Oil on canvas signed lower left
Dimensions: H. 46 cm x W. 55 cm (with frame: H. 64.5 cm x W. 74 cm)
This work is described and reproduced in the catalog Raisonné
on Paul Désiré Trouillebert, by Claude Marumo, N° 0794, p.437

Paul-Désiré Trouillebert was born in Paris in 1829. In France, he was one of the best outdoor landscape painters of the 19th century, and undoubtedly the artist closest to Corot, with whom he forged a close relationship. Trouillebert's light, airy brushstrokes enabled him to play with transparencies; his palette, essentially composed of blues, greens and browns, had a very special tonality thanks to the ochre preparation that Trouillebert applied to his canvases and panels before painting, and which was like his second signature. Like Corot, he declared: “ I only work from nature, I don't accept studies copied in the studio ”.
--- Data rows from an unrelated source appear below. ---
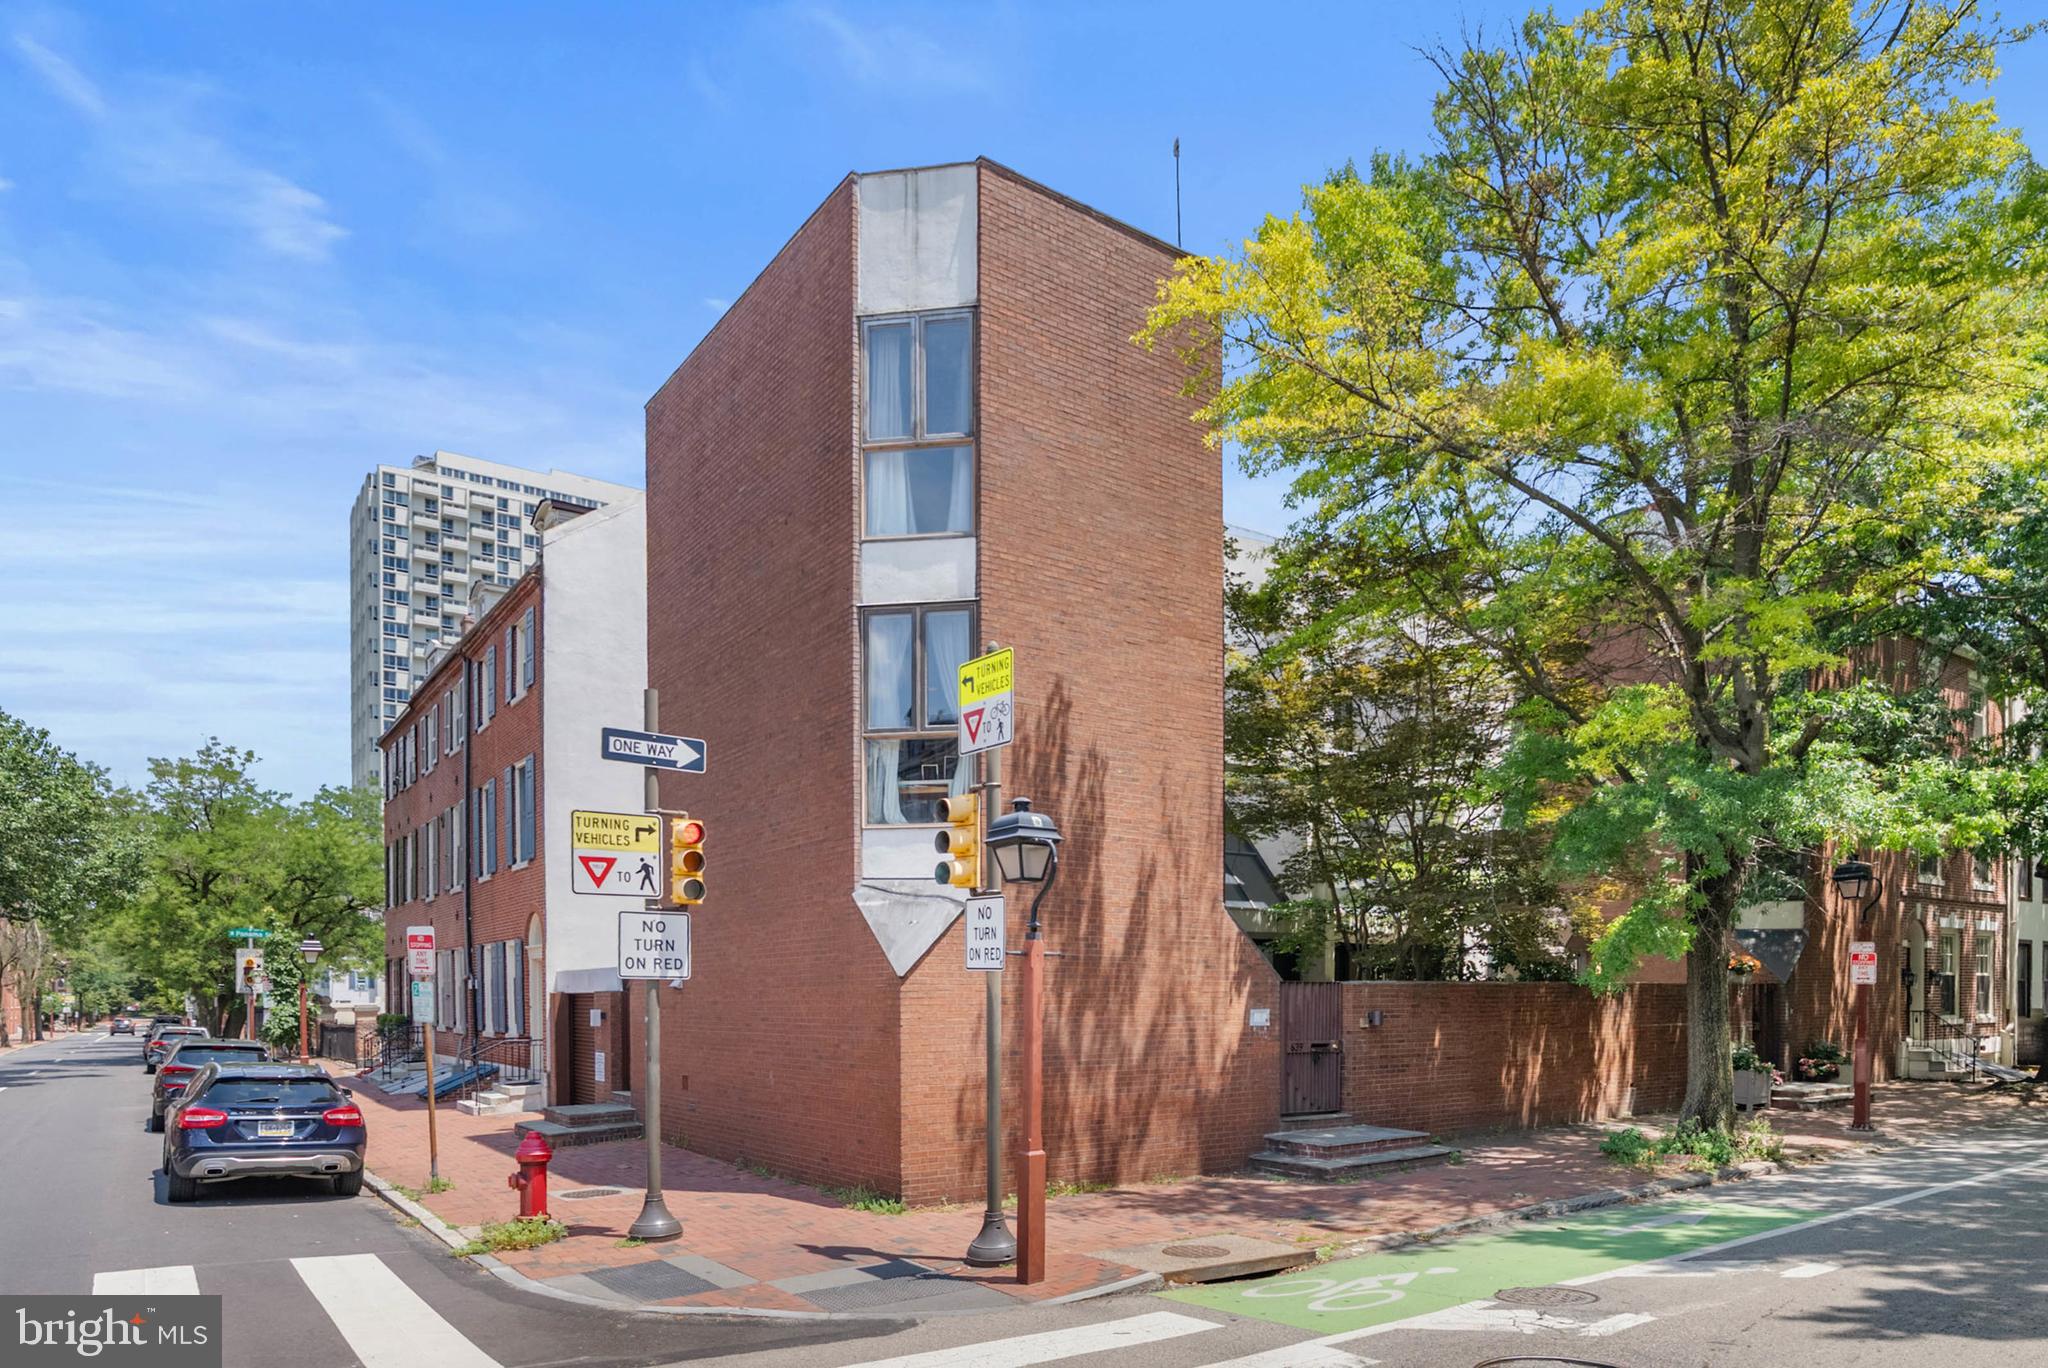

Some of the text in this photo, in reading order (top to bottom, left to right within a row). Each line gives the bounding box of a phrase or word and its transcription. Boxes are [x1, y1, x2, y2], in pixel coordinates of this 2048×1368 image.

[976, 657, 1009, 679] TURNING
[976, 675, 1010, 695] VEHICLES
[982, 720, 992, 734] TO
[613, 739, 675, 758] ONE WAY
[576, 816, 630, 831] TURNING
[575, 832, 631, 847] VEHICLES
[617, 871, 631, 883] TO
[978, 906, 992, 920] NO
[642, 920, 666, 933] NO
[974, 927, 997, 941] TURN
[633, 938, 675, 952] TURN
[969, 947, 1002, 961] ON RED
[625, 957, 683, 971] ON RED
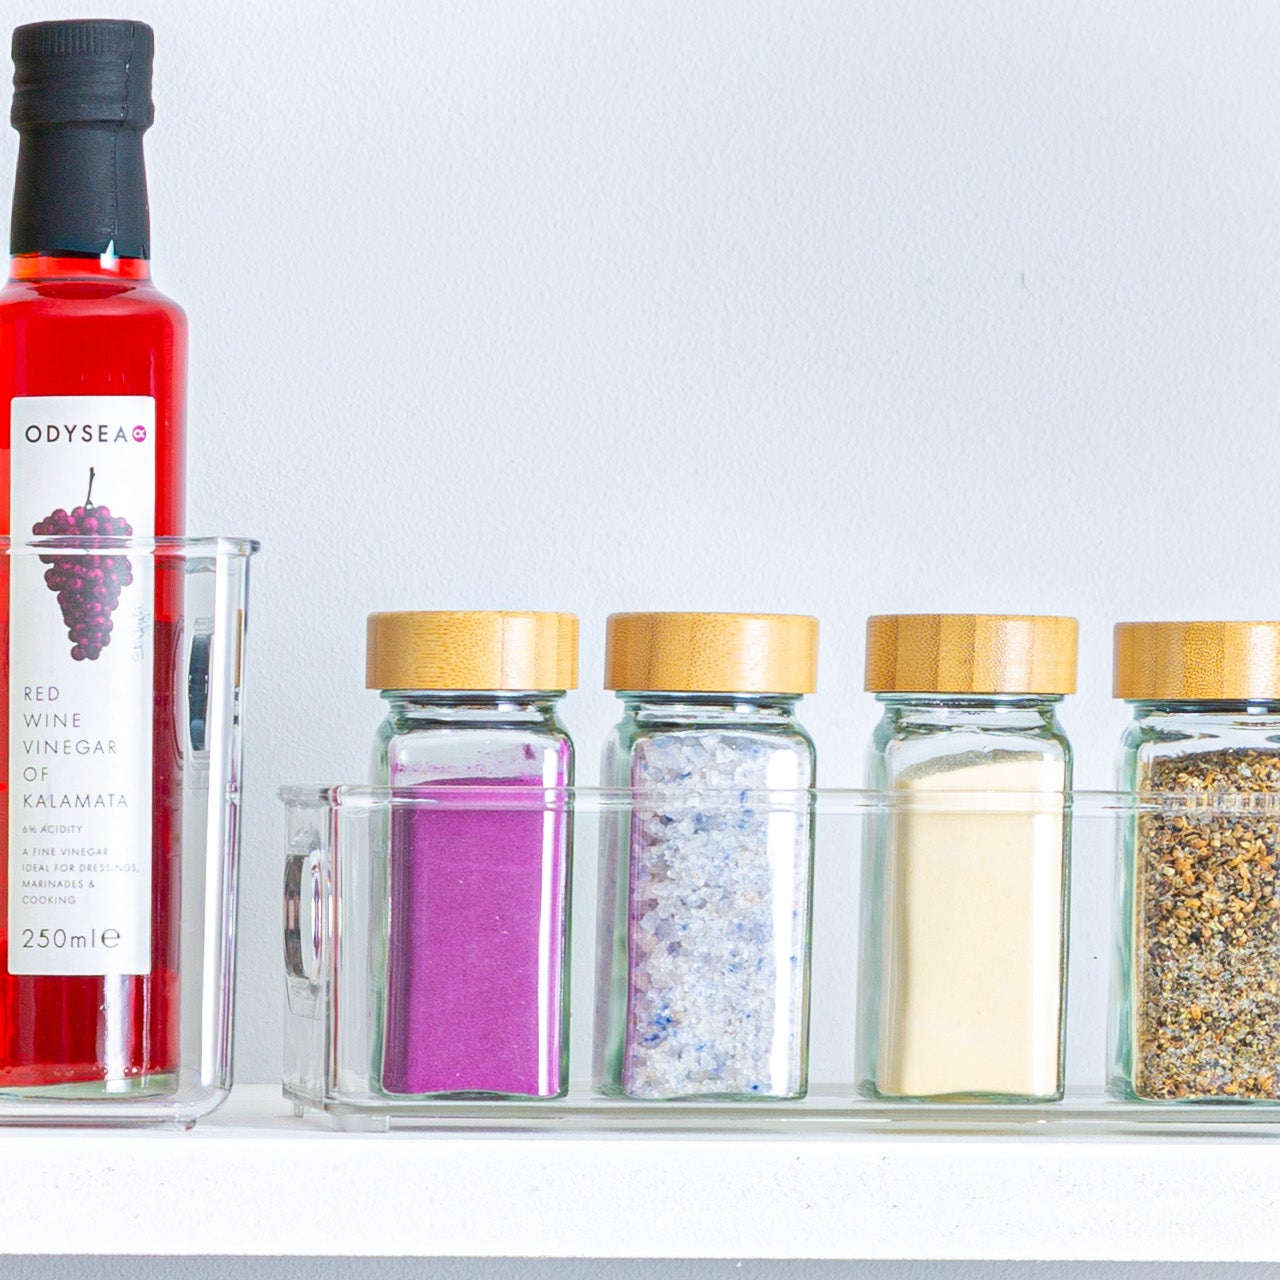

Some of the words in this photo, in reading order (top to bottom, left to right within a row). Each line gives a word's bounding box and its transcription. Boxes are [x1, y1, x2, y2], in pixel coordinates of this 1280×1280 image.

[24, 686, 59, 701] RED
[24, 713, 81, 728] WINE
[23, 740, 117, 755] VINEGAR
[24, 767, 49, 782] OF
[23, 794, 128, 809] KALAMATA
[23, 825, 37, 834] 6%
[41, 825, 83, 834] ACIDITY
[23, 896, 76, 904] COOKING
[22, 929, 97, 949] 250ml
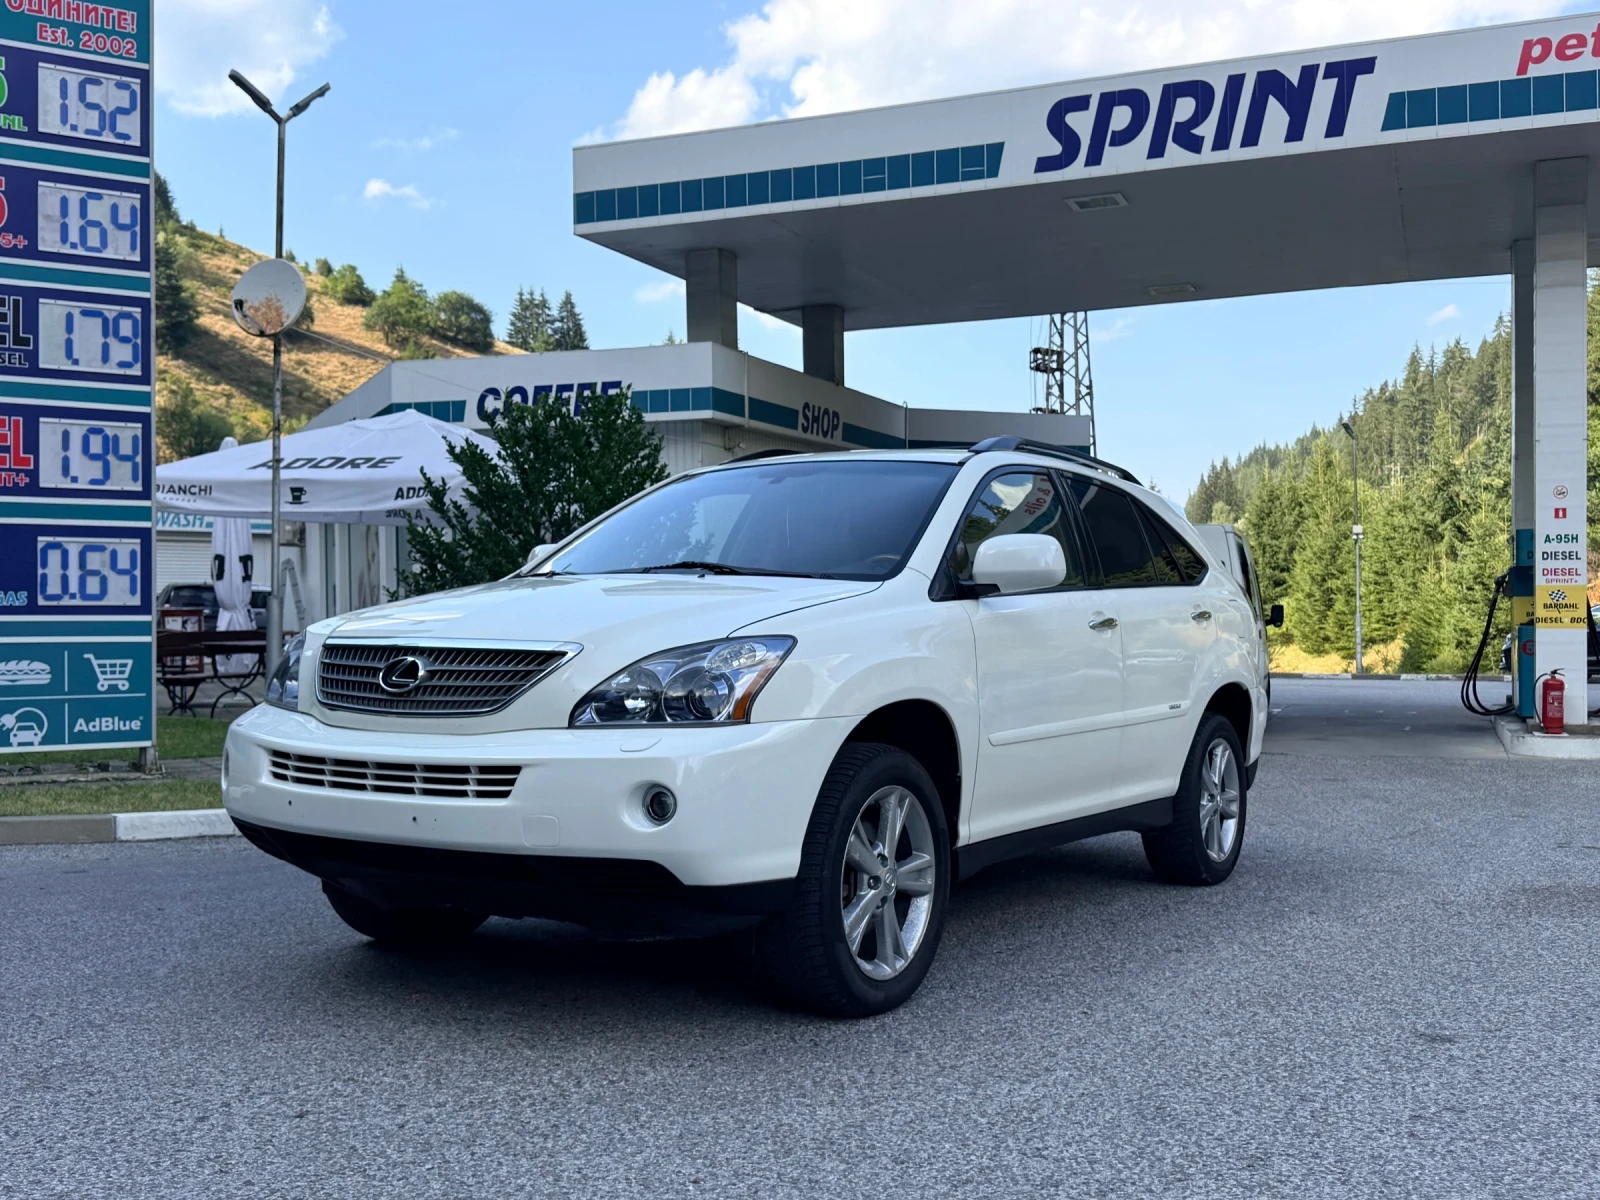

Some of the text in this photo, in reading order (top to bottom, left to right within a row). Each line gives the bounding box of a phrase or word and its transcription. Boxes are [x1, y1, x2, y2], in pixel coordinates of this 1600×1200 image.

[37, 22, 137, 58] Est. 2002
[59, 76, 138, 141] 1.52
[1034, 56, 1378, 174] SPRINT
[59, 191, 139, 253] 1.64
[65, 308, 140, 369] 1.79
[801, 401, 840, 440] SHOP
[61, 426, 140, 486] 1.94
[246, 456, 403, 471] ADORE
[0, 472, 30, 487] T+
[1541, 550, 1582, 561] DIESEL
[1543, 533, 1579, 544] A-95H
[39, 541, 138, 602] 0.64
[1541, 567, 1582, 577] DIESEL
[1535, 616, 1564, 624] DIESEL
[1543, 602, 1579, 610] BARDAHL
Trouillebert is associated with the Barbizon school, and his style is clearly marked, easily recognizable by an expert. Trained by the academic portraitist Ernest Hébert, it was primarily for his portraits and nudes that Trouillebert was accepted at the Salon des Artistes Français in 1865, where he exhibited until 1884. He traveled all over France, but his subjects on the banks of the Loire and the Seine are indisputably the most sought-after. Indeed, it is in the execution of moving waters, animated skies and wind-swept birch trees that the artist excels.
In this painting, reproduced in the reference work, we find all the essential criteria that determine Trouillebert's most appreciated works. Without being a huge painting, this work is of good size, with a format perfectly suited to the composition. The subject is the one for which this artist is so highly regarded: the banks of the Loire, with a beautiful presence of water and a blue sky animated by moving clouds; the trees follow the slope of the bank to form a diagonal and a beautiful depth of field. Finally, this wonderful rural scene is subtly enlivened by a woman hauling up a bucket full of water from the banks of the river where two perfectly drawn boats are tied. And, as always in Trouillebert's successful works, we find the transparencies of the foliage in its infinite variety of greens, and the blue/gray-toned watercourse merging with the opposite bank where we see a building amidst the trees. In this Trouillebert, the proximity to Corot is obvious: the brushstroke is light and alert, and the rendering is vaporous. This is a magnificent work.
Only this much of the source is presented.